Von J. Scott Marcus, Associate Senior Research Fellow, CEPS

Die in diesem Artikel geäußerten Meinungen sind die des Autors und spiegeln in keiner Weise die redaktionelle Position von Euronews wider.

Die Maßnahmen, die nötig wären, damit die EU große digitale Champions hervorbringen kann, sind klar und unkompliziert. Sie würden nicht nur unserem digitalen Sektor, sondern auch Pensionsfonds, dem Versicherungssektor und zukünftigen Rentnern zugutekommen, schreibt J. Scott Marcus.

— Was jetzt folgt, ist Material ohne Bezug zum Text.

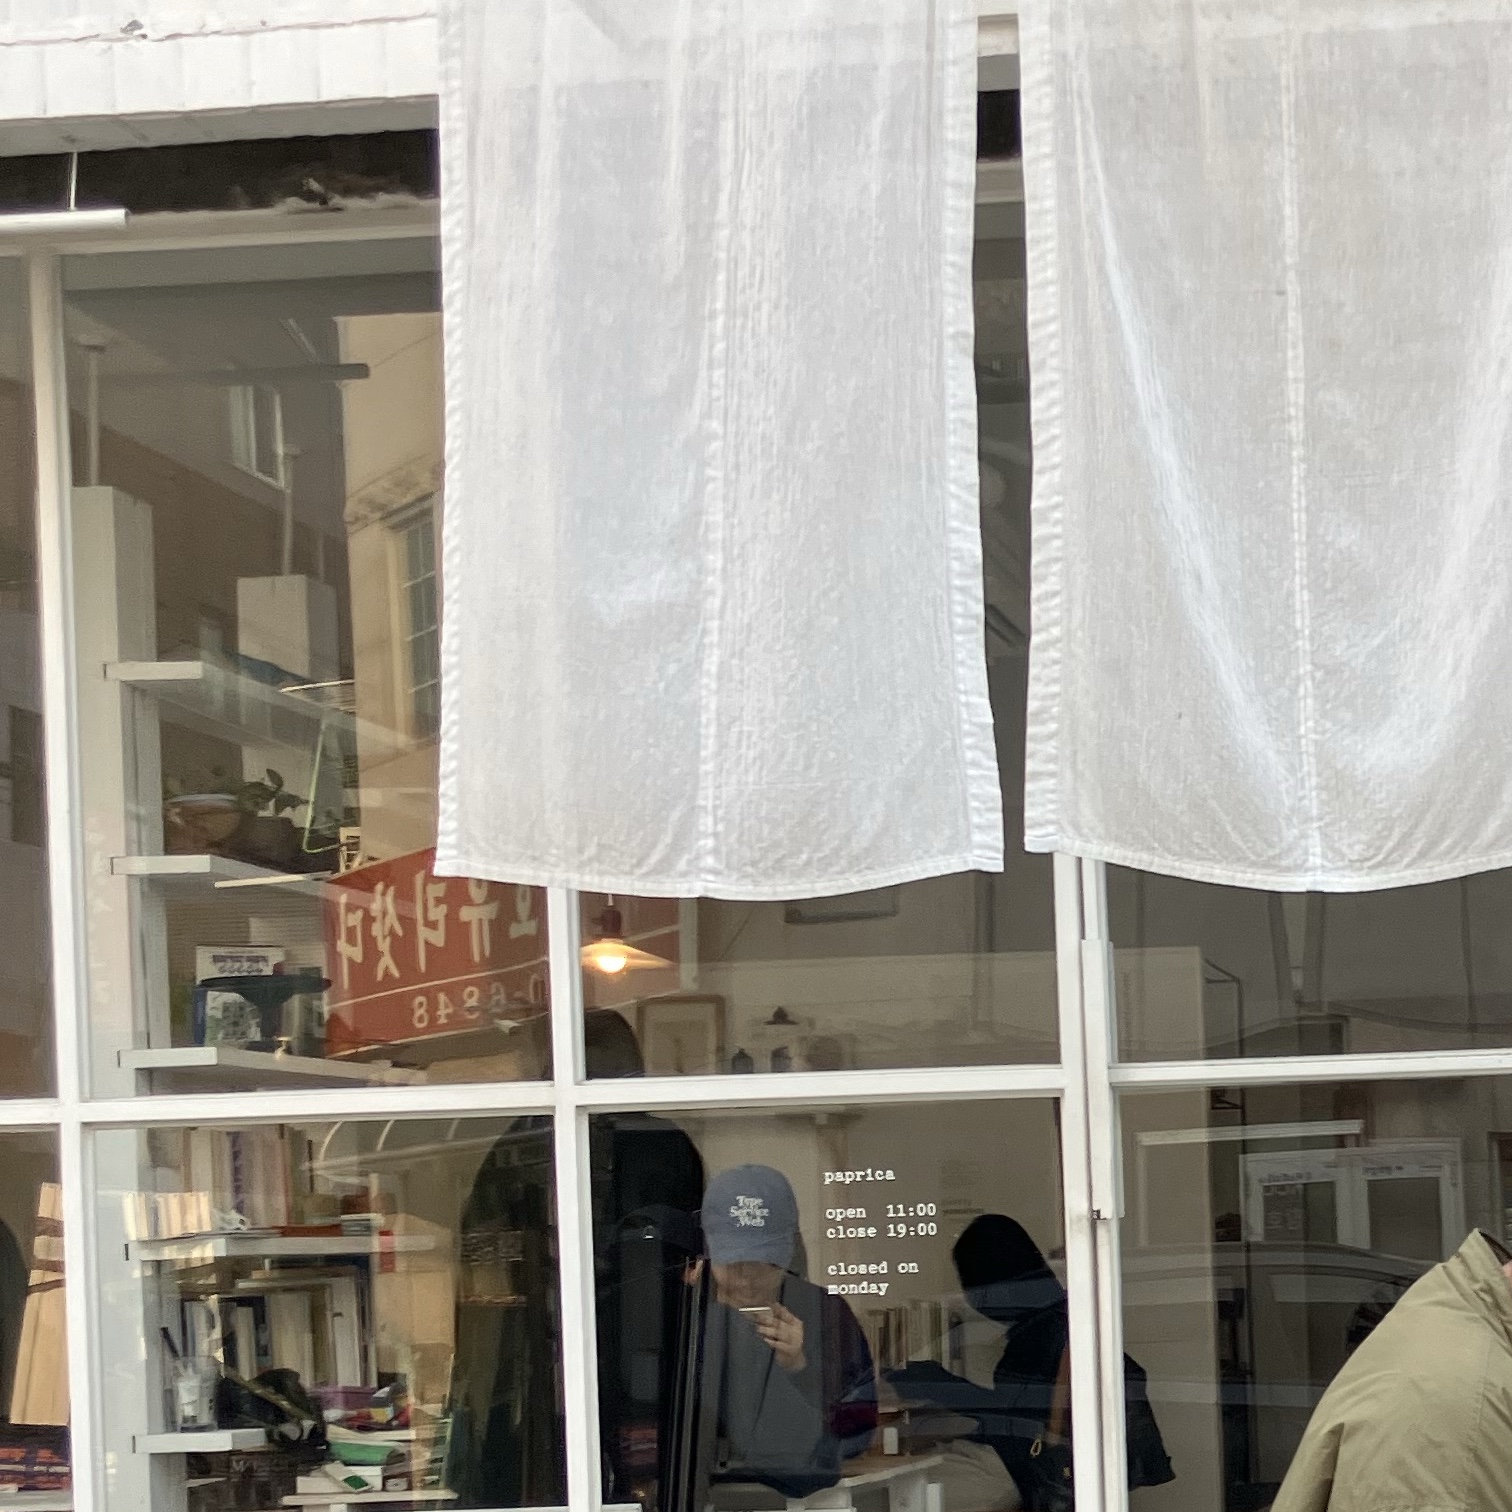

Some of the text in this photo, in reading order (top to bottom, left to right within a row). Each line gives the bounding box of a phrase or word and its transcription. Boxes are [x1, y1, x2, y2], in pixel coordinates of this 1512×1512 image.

Warum gelingt es der EU nicht, ein eigenes Google, Amazon oder Facebook hervorzubringen? Fehlt es Europa an Unternehmergeist, technischem Know-how oder einfach nur an Vorstellungskraft?

Anders als viele denken, ist die EU bei der Gründung von High-Tech-Start-ups sogar erfolgreicher als die USA. Dennoch geraten viele europäische Firmen aufgrund fehlender Finanzmittel auf der Stelle.

Dabei liegt eine einfache Lösung schon seit Jahrzehnten klar auf der Hand – wir müssen sie nur begreifen. Die Antwort lautet, wie bei vielen anderen Fragen, Geld.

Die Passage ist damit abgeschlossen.